The assassin settled the auburn wig over her scalp. “It’s already been taken care of. The bomb’s on its way back as we speak. Let’s just say for now that it’s been handled.”
“All right… Could you please try another hair color?”
“Why? Don’t like it?”
“I like it well enough, but it’s my mother’s. She sees you with that on, she’ll start going on about how some people can’t tell the difference between auburn and red.”
“That reminds me, we’d gotten off on a tangent. Where do your parents live?”
“Around the corner from Downing Street. Not far from the Prime Minister.”
“What!”
Wayne turned and walked back into the room. “Yeah. They usually make friends with whomever they’re near… And don’t ask me how they got a home there,” he called over his shoulder. “Some days I don’t want to know,” he muttered.
Williams scanned the room. Where was his bag?
How about the closet? he asked himself.
He closed his eyes and muttered “Moron,” under his breath. Feeling like an idiot, he turned and walked back into the hall. PHOENIX slid the closet door aside. He reached for his case, then stopped, noticing the luggage. What did Michael DeValera have with him?
“Is your father on close terms with the Prime Minister?”
“I can’t be sure,” Wayne answered. He crouched down, examining the luggage. “Did you go over this place once yet?”
“Not yet,” Catherine replied, taking one last look in the mirror. “I was going turn the place right side out after my Tai Chi exercises.”
“How many bags do you have?”
“Two pieces of luggage, and two smaller bags.”
“Two carry bags?”
She turned. “No. One canvas and one hard shell.”
Williams focused on the one he didn’t recognize. It was a brown leather bag with a shoulder strap. There was an extra zipper on the side that told him it was a collapsible bag, capable of being folded to less than a quarter of the size. He reached for the bag cautiously, looking for any wires that might have connected it to a booby trap. That done, he scooped the bag off the floor and walked into the main room. Wayne pulled the sheets aside and spilled the contents onto the bed.
Catherine followed him, stopping at his side. With a curious frown, she asked, “What are you doing?”
“Looking for something that’ll make our search easier,” Wayne explained, tossing the bag aside.
Catherine caught it with her left hand as it passed by her, using just her peripheral vision. “If DeValera was half as professional as he thought he was, he should have left nothing in his belongings.”
“Always bet on stupidity.” He reached inside the pocket of a polo shirt, feeling the texture of a business card. He pulled it out and read it. He held the card in front of him with two fingers. “Did our Mister DeValera strike you as a particularly religious person?”
She smiled. “If he was, he forgot ‘Thou shalt not kill.’”
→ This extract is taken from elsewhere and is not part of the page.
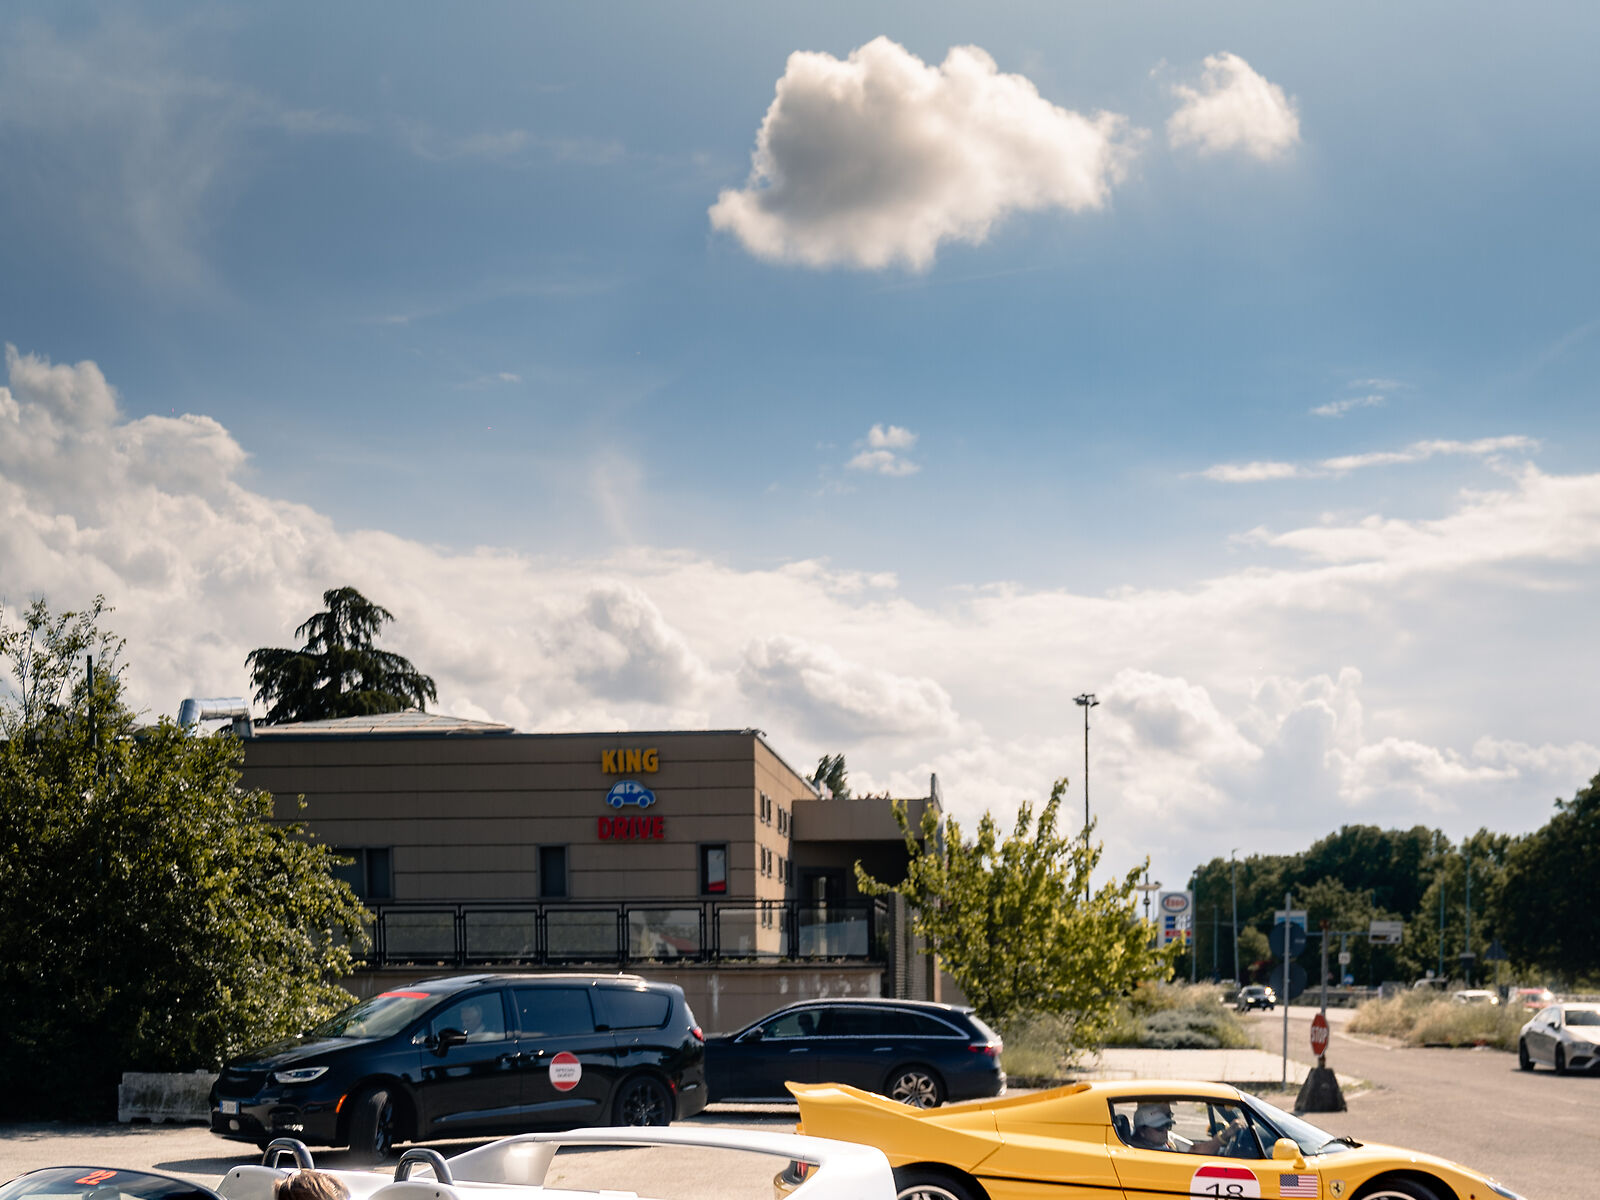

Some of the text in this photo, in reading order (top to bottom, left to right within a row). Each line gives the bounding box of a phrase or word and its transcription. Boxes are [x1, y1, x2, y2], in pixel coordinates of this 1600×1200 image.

[601, 748, 659, 773] KING
[597, 816, 665, 840] DRIVE
[1311, 1026, 1328, 1043] STOP
[74, 1170, 118, 1185] 22
“Actually, it’s ‘Thou shalt not murder, and those that do shall be put to death,’” he absentmindedly corrected her. He handed her the card, not turning his attention away from the pile on the bed.
She considered the card briefly. It was for the gift shop at St. Patrick’s Cathedral, Dublin, Ireland. “Somehow I doubt he could step onto the same block without being hit by lightning. Any idea as to what he’s been up to?”
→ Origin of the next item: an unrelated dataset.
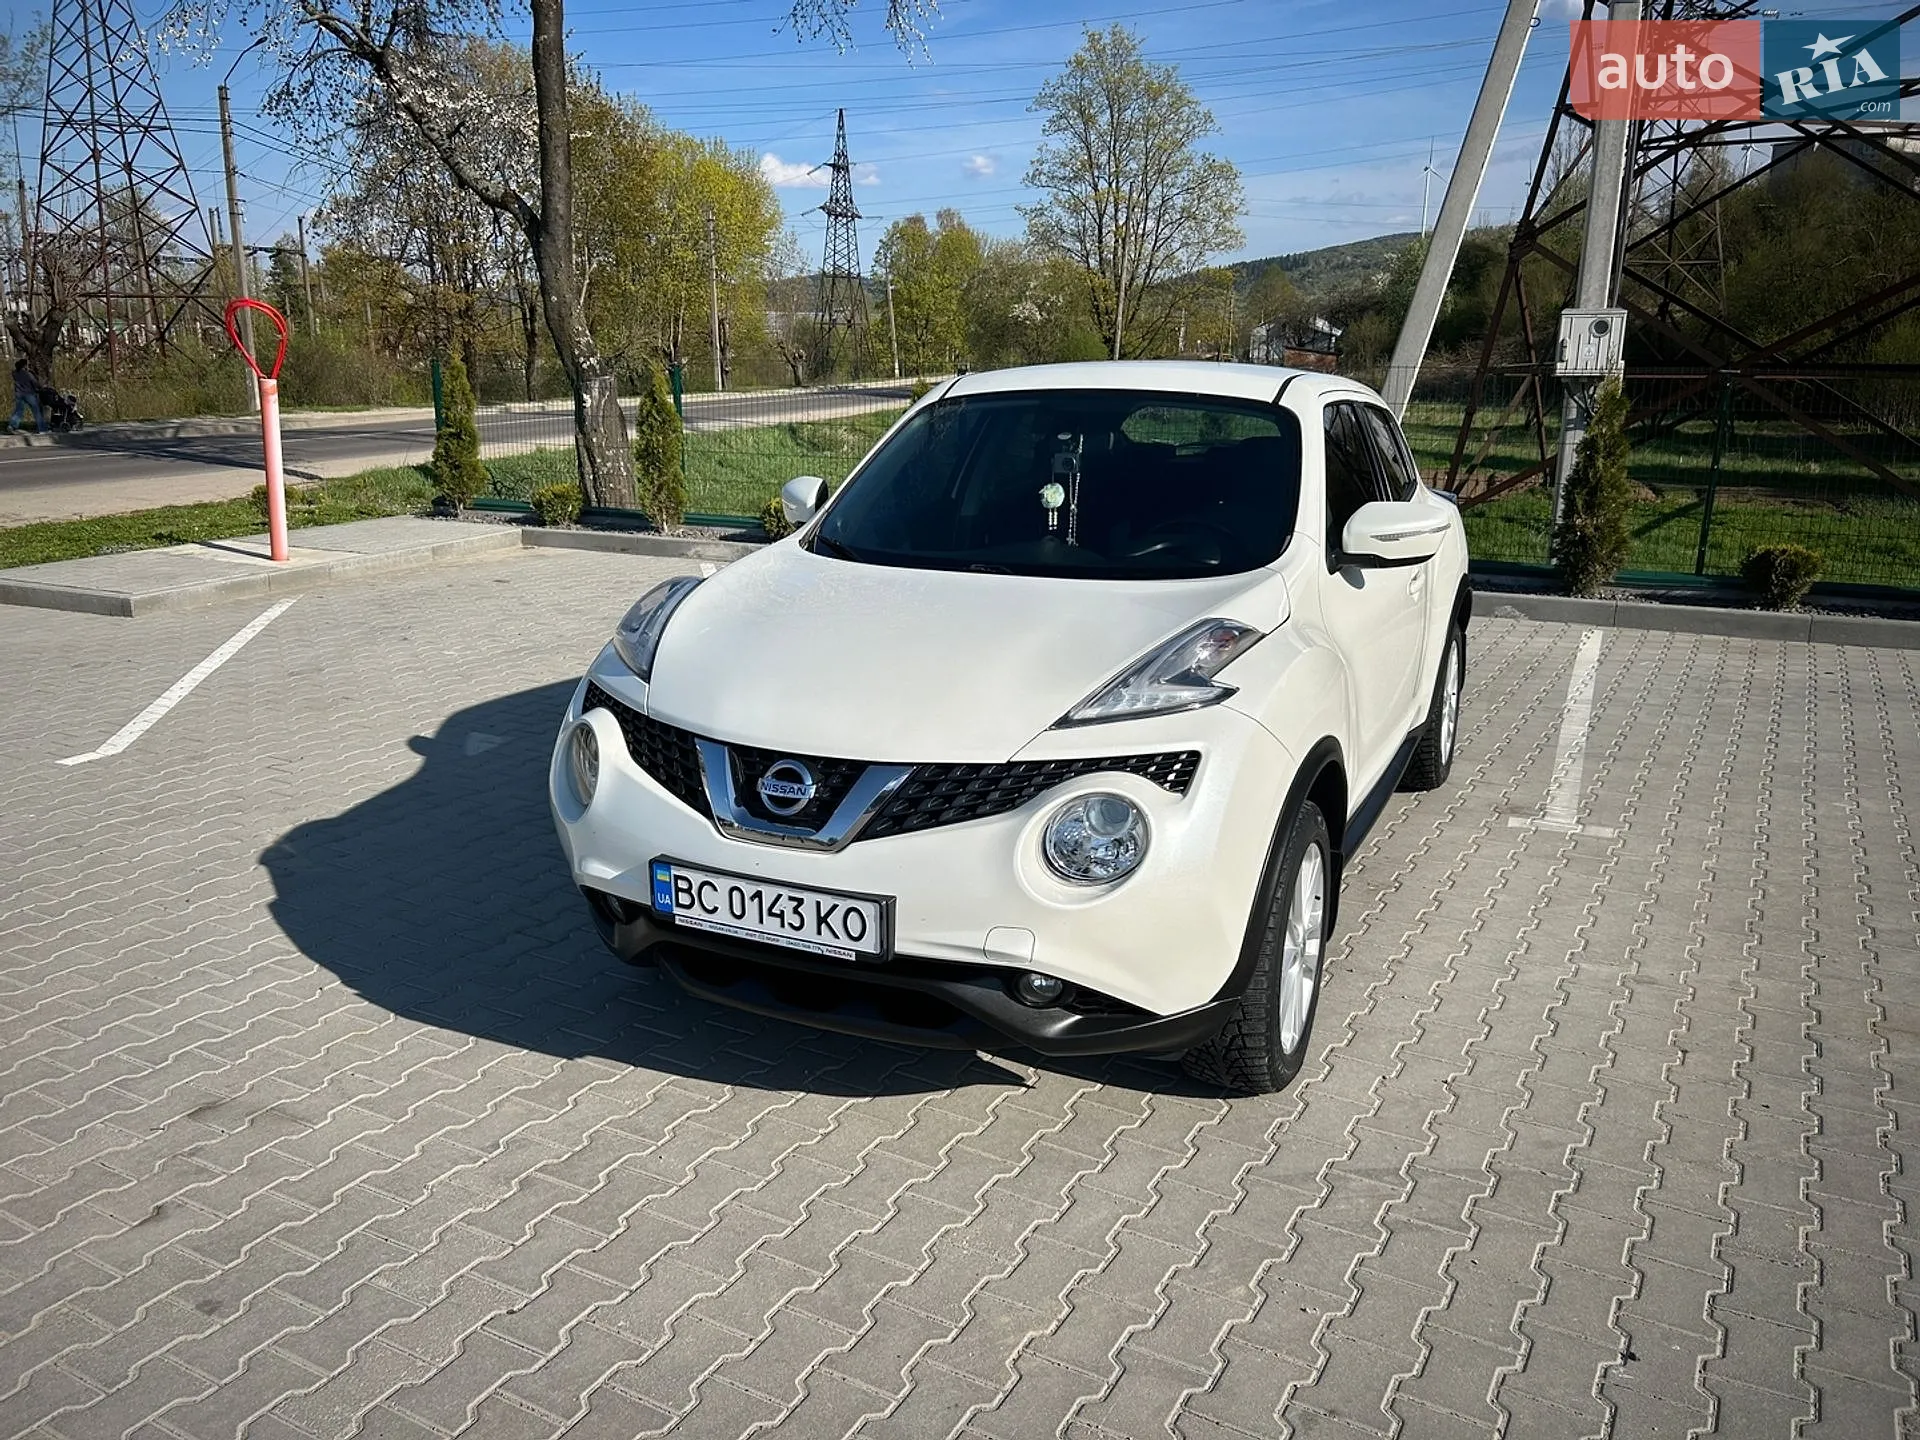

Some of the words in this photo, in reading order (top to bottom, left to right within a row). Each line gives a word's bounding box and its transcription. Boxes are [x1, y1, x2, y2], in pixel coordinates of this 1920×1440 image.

“No clue…” His head jerked up. “What page of the phone book did you find the phone number and the initials for the guard post?”
She shrugged. “It was a page of architects. I couldn’t give you the page number. I think it was near the start of the section.”
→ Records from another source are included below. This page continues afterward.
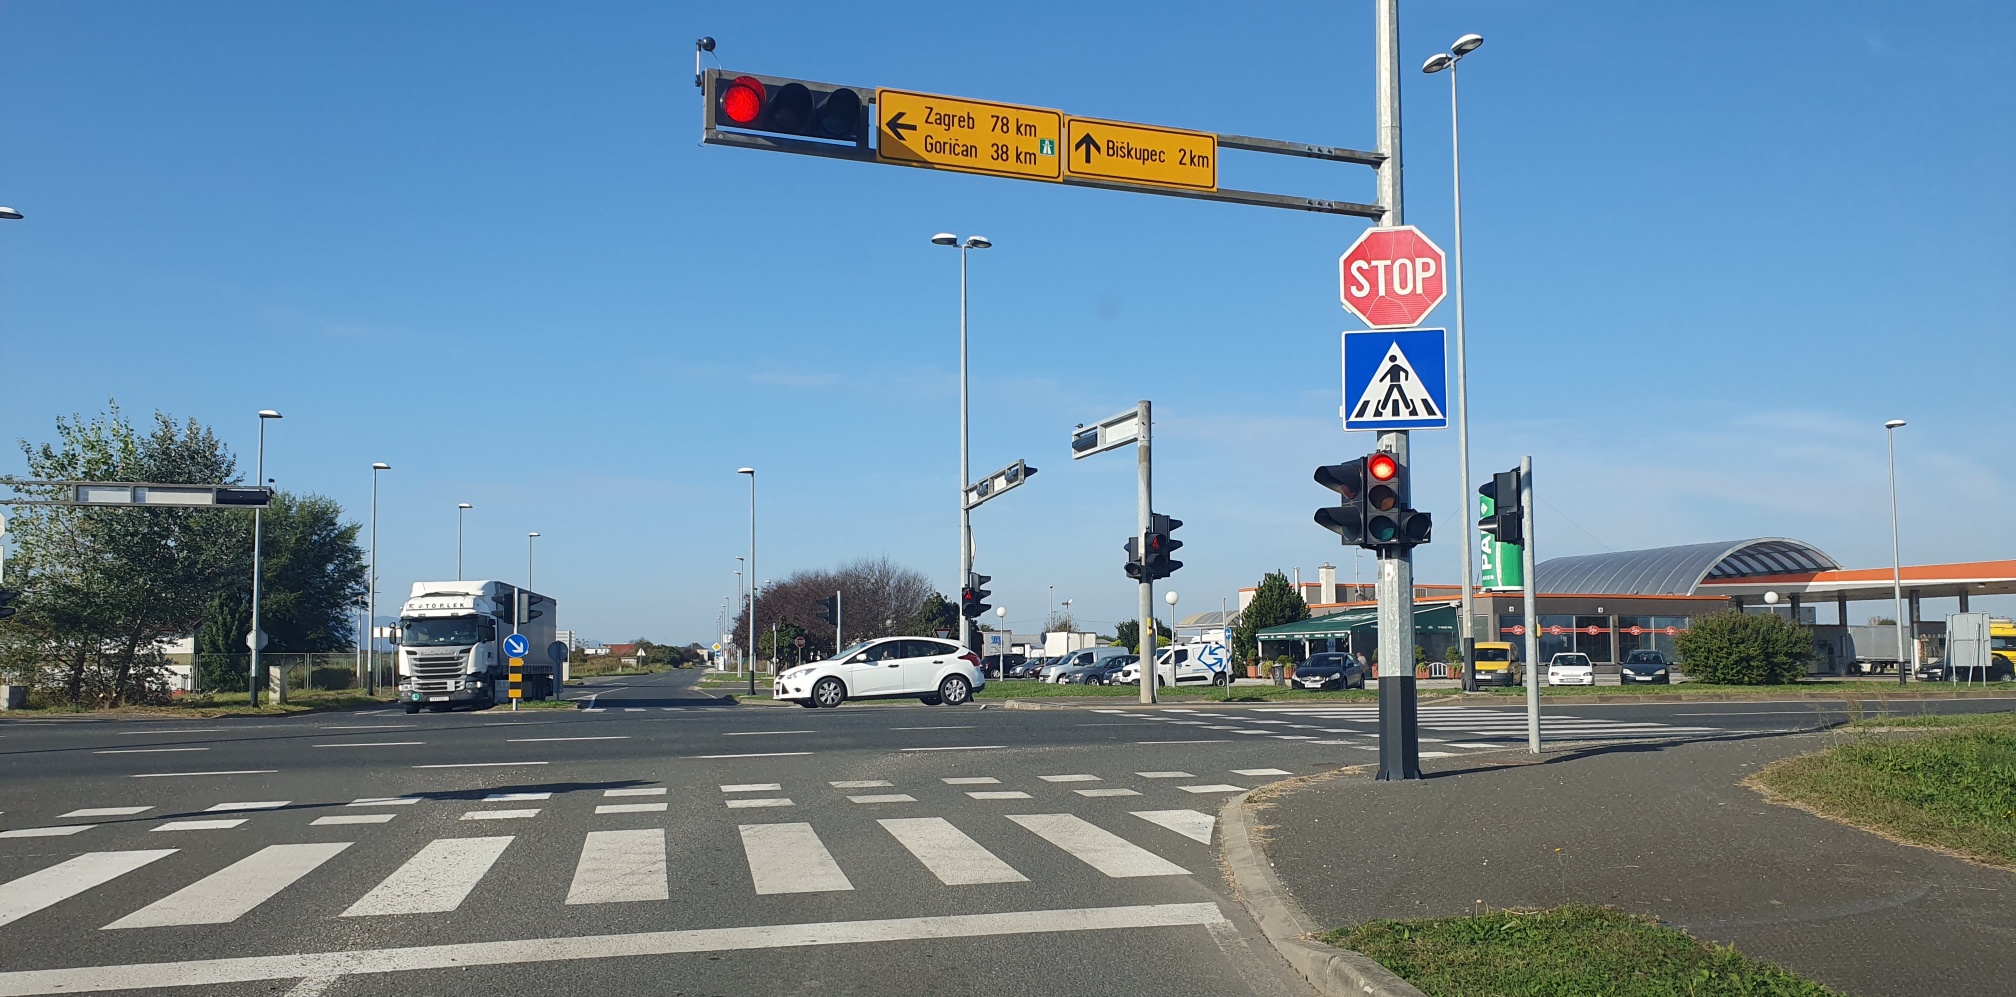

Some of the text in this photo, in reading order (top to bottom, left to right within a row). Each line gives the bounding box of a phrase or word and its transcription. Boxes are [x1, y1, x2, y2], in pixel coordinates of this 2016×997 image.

[924, 105, 1037, 138] Zagreb 78 km
[924, 134, 1037, 166] Goričan 38 km
[1106, 139, 1210, 169] Biškupec 2 km
[1350, 258, 1436, 298] STOP
[1481, 531, 1492, 570] PA
Wayne turned and bent down to open the cabinet of the nightstand. He picked out the phone book and flipped it open. He laid the book out on the bed, next to the pile of DeValera’s strewn belongings. “Now, what exactly did the page look like? Somehow, I seriously doubt the phone book you glanced at just happened to open to that one. Was there something stuck between the pages?”
Catherine started flipping through the book. “No. But if it was something like a pin, I might not have noticed it.” After three pages, the assassin stopped and turned the book to Williams, laying a finger on an etching of a dragon that must have come out of The Lord of the Rings trilogy or artwork based on The Hobbit. “This was it. I remember the ad.”
So would I, he thought. He scanned through the page and smiled. “Someone’s been preparing for their trip to Rome.” He turned the book back to her and pressed his finger into the reference section read: “Saint Patrick’s Cathedral.”
“You want to bet they have blueprints for other church structures, like the Vatican?” she replied.
“Bingo!”
Catherine nodded and processed the information, forming her next plan of attack. Wayne studied her face; it was almost as though he could watch her think. Without warning, she snapped around and marched back to the bathroom. He followed her, curiously peering around the doorframe. The assassin pulled hersweat shirt over her head. He held his hand out. She glanced at it, and Wayne held his hand out a bit more, toward the sweater. A small smile strained at her lips. She gave him her sweater, then applied makeup remover.
Wayne folded the sweater over his arm. “What are you doing now?”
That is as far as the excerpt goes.